» **Extracted records**
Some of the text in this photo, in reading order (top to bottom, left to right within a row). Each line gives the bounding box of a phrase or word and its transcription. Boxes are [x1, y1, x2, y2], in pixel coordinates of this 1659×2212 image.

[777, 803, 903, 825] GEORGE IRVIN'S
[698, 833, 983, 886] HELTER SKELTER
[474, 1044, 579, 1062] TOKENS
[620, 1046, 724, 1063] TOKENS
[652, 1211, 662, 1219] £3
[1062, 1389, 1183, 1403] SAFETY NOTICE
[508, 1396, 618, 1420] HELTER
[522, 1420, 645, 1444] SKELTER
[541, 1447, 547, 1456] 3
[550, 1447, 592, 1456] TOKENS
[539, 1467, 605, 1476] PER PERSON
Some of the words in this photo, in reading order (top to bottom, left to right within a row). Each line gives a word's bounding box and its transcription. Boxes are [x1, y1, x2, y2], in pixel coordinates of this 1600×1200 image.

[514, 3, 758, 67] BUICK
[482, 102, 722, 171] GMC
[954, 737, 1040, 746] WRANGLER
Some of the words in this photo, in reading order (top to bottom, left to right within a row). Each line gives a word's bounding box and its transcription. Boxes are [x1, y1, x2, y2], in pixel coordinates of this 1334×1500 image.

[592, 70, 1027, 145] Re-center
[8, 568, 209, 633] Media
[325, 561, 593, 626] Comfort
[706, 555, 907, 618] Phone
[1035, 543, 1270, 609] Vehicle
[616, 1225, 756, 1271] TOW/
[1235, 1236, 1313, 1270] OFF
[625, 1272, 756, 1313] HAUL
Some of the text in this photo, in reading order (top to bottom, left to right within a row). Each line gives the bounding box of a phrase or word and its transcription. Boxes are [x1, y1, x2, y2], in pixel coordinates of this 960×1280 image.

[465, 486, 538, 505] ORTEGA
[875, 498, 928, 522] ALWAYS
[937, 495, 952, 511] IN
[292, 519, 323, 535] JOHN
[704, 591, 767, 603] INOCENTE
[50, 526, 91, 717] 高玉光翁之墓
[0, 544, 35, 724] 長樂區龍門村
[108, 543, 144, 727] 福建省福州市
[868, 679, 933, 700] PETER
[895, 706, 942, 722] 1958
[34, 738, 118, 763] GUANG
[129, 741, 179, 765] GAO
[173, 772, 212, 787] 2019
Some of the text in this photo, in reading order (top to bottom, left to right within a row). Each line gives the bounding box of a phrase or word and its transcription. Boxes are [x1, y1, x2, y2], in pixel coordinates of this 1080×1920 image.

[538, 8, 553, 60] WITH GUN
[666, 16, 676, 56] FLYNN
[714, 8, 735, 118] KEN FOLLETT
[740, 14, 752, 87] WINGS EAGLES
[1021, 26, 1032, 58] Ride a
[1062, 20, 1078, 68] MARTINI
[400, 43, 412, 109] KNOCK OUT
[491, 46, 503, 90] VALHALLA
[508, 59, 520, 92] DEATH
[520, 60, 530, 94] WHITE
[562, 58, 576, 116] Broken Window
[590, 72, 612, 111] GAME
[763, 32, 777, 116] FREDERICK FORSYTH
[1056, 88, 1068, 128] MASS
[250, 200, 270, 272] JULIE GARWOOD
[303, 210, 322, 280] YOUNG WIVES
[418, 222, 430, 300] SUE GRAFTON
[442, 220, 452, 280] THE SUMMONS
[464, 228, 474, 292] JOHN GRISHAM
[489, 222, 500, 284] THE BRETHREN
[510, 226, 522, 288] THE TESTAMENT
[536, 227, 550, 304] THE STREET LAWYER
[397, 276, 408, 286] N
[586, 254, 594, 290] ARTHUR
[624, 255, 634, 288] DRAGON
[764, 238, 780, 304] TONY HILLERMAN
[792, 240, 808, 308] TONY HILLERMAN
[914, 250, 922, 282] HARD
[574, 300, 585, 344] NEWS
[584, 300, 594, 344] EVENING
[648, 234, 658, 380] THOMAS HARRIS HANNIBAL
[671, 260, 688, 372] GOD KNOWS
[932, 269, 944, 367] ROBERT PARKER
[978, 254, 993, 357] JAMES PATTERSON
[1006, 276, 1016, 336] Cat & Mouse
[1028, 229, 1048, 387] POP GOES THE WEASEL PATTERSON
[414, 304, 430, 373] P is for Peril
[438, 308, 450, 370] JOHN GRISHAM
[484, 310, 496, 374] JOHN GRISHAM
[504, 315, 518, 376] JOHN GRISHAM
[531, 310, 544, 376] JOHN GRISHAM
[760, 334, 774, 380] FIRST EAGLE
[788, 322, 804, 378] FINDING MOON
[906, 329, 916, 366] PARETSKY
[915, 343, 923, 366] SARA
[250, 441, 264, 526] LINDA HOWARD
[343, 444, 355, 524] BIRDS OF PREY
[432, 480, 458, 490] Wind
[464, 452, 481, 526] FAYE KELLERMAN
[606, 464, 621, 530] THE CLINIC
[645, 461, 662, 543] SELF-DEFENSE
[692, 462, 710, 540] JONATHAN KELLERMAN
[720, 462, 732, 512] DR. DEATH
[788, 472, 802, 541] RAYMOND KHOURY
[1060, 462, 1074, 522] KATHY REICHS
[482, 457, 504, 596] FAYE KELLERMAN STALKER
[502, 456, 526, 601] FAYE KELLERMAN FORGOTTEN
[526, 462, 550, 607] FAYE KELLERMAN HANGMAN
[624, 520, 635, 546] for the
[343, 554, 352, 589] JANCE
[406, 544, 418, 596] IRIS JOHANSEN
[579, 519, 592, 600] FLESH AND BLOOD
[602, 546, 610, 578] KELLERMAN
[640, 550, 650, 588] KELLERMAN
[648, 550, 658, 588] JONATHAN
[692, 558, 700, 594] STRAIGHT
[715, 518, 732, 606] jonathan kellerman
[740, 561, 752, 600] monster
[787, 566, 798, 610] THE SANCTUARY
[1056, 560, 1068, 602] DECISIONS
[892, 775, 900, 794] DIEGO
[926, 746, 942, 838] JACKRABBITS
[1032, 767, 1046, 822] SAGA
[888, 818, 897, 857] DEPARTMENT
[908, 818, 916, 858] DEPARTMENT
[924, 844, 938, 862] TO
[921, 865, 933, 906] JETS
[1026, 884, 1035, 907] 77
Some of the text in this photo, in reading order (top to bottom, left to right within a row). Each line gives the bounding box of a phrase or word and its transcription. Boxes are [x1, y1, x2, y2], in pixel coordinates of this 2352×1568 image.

» **What the exercise asks**
Please return the entire listing, unchanged.

» **Answer**
Some of the text in this photo, in reading order (top to bottom, left to right within a row). Each line gives the bounding box of a phrase or word and its transcription. Boxes are [x1, y1, x2, y2], in pixel coordinates of this 1659×2212 image.

[777, 803, 903, 825] GEORGE IRVIN'S
[698, 833, 983, 886] HELTER SKELTER
[474, 1044, 579, 1062] TOKENS
[620, 1046, 724, 1063] TOKENS
[652, 1211, 662, 1219] £3
[1062, 1389, 1183, 1403] SAFETY NOTICE
[508, 1396, 618, 1420] HELTER
[522, 1420, 645, 1444] SKELTER
[541, 1447, 547, 1456] 3
[550, 1447, 592, 1456] TOKENS
[539, 1467, 605, 1476] PER PERSON
Some of the words in this photo, in reading order (top to bottom, left to right within a row). Each line gives a word's bounding box and its transcription. Boxes are [x1, y1, x2, y2], in pixel coordinates of this 1600×1200 image.

[514, 3, 758, 67] BUICK
[482, 102, 722, 171] GMC
[954, 737, 1040, 746] WRANGLER
Some of the words in this photo, in reading order (top to bottom, left to right within a row). Each line gives a word's bounding box and its transcription. Boxes are [x1, y1, x2, y2], in pixel coordinates of this 1334×1500 image.

[592, 70, 1027, 145] Re-center
[8, 568, 209, 633] Media
[325, 561, 593, 626] Comfort
[706, 555, 907, 618] Phone
[1035, 543, 1270, 609] Vehicle
[616, 1225, 756, 1271] TOW/
[1235, 1236, 1313, 1270] OFF
[625, 1272, 756, 1313] HAUL
Some of the text in this photo, in reading order (top to bottom, left to right within a row). Each line gives the bounding box of a phrase or word and its transcription. Boxes are [x1, y1, x2, y2], in pixel coordinates of this 960×1280 image.

[465, 486, 538, 505] ORTEGA
[875, 498, 928, 522] ALWAYS
[937, 495, 952, 511] IN
[292, 519, 323, 535] JOHN
[704, 591, 767, 603] INOCENTE
[50, 526, 91, 717] 高玉光翁之墓
[0, 544, 35, 724] 長樂區龍門村
[108, 543, 144, 727] 福建省福州市
[868, 679, 933, 700] PETER
[895, 706, 942, 722] 1958
[34, 738, 118, 763] GUANG
[129, 741, 179, 765] GAO
[173, 772, 212, 787] 2019
Some of the text in this photo, in reading order (top to bottom, left to right within a row). Each line gives the bounding box of a phrase or word and its transcription. Boxes are [x1, y1, x2, y2], in pixel coordinates of this 1080×1920 image.

[538, 8, 553, 60] WITH GUN
[666, 16, 676, 56] FLYNN
[714, 8, 735, 118] KEN FOLLETT
[740, 14, 752, 87] WINGS EAGLES
[1021, 26, 1032, 58] Ride a
[1062, 20, 1078, 68] MARTINI
[400, 43, 412, 109] KNOCK OUT
[491, 46, 503, 90] VALHALLA
[508, 59, 520, 92] DEATH
[520, 60, 530, 94] WHITE
[562, 58, 576, 116] Broken Window
[590, 72, 612, 111] GAME
[763, 32, 777, 116] FREDERICK FORSYTH
[1056, 88, 1068, 128] MASS
[250, 200, 270, 272] JULIE GARWOOD
[303, 210, 322, 280] YOUNG WIVES
[418, 222, 430, 300] SUE GRAFTON
[442, 220, 452, 280] THE SUMMONS
[464, 228, 474, 292] JOHN GRISHAM
[489, 222, 500, 284] THE BRETHREN
[510, 226, 522, 288] THE TESTAMENT
[536, 227, 550, 304] THE STREET LAWYER
[397, 276, 408, 286] N
[586, 254, 594, 290] ARTHUR
[624, 255, 634, 288] DRAGON
[764, 238, 780, 304] TONY HILLERMAN
[792, 240, 808, 308] TONY HILLERMAN
[914, 250, 922, 282] HARD
[574, 300, 585, 344] NEWS
[584, 300, 594, 344] EVENING
[648, 234, 658, 380] THOMAS HARRIS HANNIBAL
[671, 260, 688, 372] GOD KNOWS
[932, 269, 944, 367] ROBERT PARKER
[978, 254, 993, 357] JAMES PATTERSON
[1006, 276, 1016, 336] Cat & Mouse
[1028, 229, 1048, 387] POP GOES THE WEASEL PATTERSON
[414, 304, 430, 373] P is for Peril
[438, 308, 450, 370] JOHN GRISHAM
[484, 310, 496, 374] JOHN GRISHAM
[504, 315, 518, 376] JOHN GRISHAM
[531, 310, 544, 376] JOHN GRISHAM
[760, 334, 774, 380] FIRST EAGLE
[788, 322, 804, 378] FINDING MOON
[906, 329, 916, 366] PARETSKY
[915, 343, 923, 366] SARA
[250, 441, 264, 526] LINDA HOWARD
[343, 444, 355, 524] BIRDS OF PREY
[432, 480, 458, 490] Wind
[464, 452, 481, 526] FAYE KELLERMAN
[606, 464, 621, 530] THE CLINIC
[645, 461, 662, 543] SELF-DEFENSE
[692, 462, 710, 540] JONATHAN KELLERMAN
[720, 462, 732, 512] DR. DEATH
[788, 472, 802, 541] RAYMOND KHOURY
[1060, 462, 1074, 522] KATHY REICHS
[482, 457, 504, 596] FAYE KELLERMAN STALKER
[502, 456, 526, 601] FAYE KELLERMAN FORGOTTEN
[526, 462, 550, 607] FAYE KELLERMAN HANGMAN
[624, 520, 635, 546] for the
[343, 554, 352, 589] JANCE
[406, 544, 418, 596] IRIS JOHANSEN
[579, 519, 592, 600] FLESH AND BLOOD
[602, 546, 610, 578] KELLERMAN
[640, 550, 650, 588] KELLERMAN
[648, 550, 658, 588] JONATHAN
[692, 558, 700, 594] STRAIGHT
[715, 518, 732, 606] jonathan kellerman
[740, 561, 752, 600] monster
[787, 566, 798, 610] THE SANCTUARY
[1056, 560, 1068, 602] DECISIONS
[892, 775, 900, 794] DIEGO
[926, 746, 942, 838] JACKRABBITS
[1032, 767, 1046, 822] SAGA
[888, 818, 897, 857] DEPARTMENT
[908, 818, 916, 858] DEPARTMENT
[924, 844, 938, 862] TO
[921, 865, 933, 906] JETS
[1026, 884, 1035, 907] 77
Some of the text in this photo, in reading order (top to bottom, left to right within a row). Each line gives the bounding box of a phrase or word and its transcription. Boxes are [x1, y1, x2, y2], in pixel coordinates of this 2352×1568 image.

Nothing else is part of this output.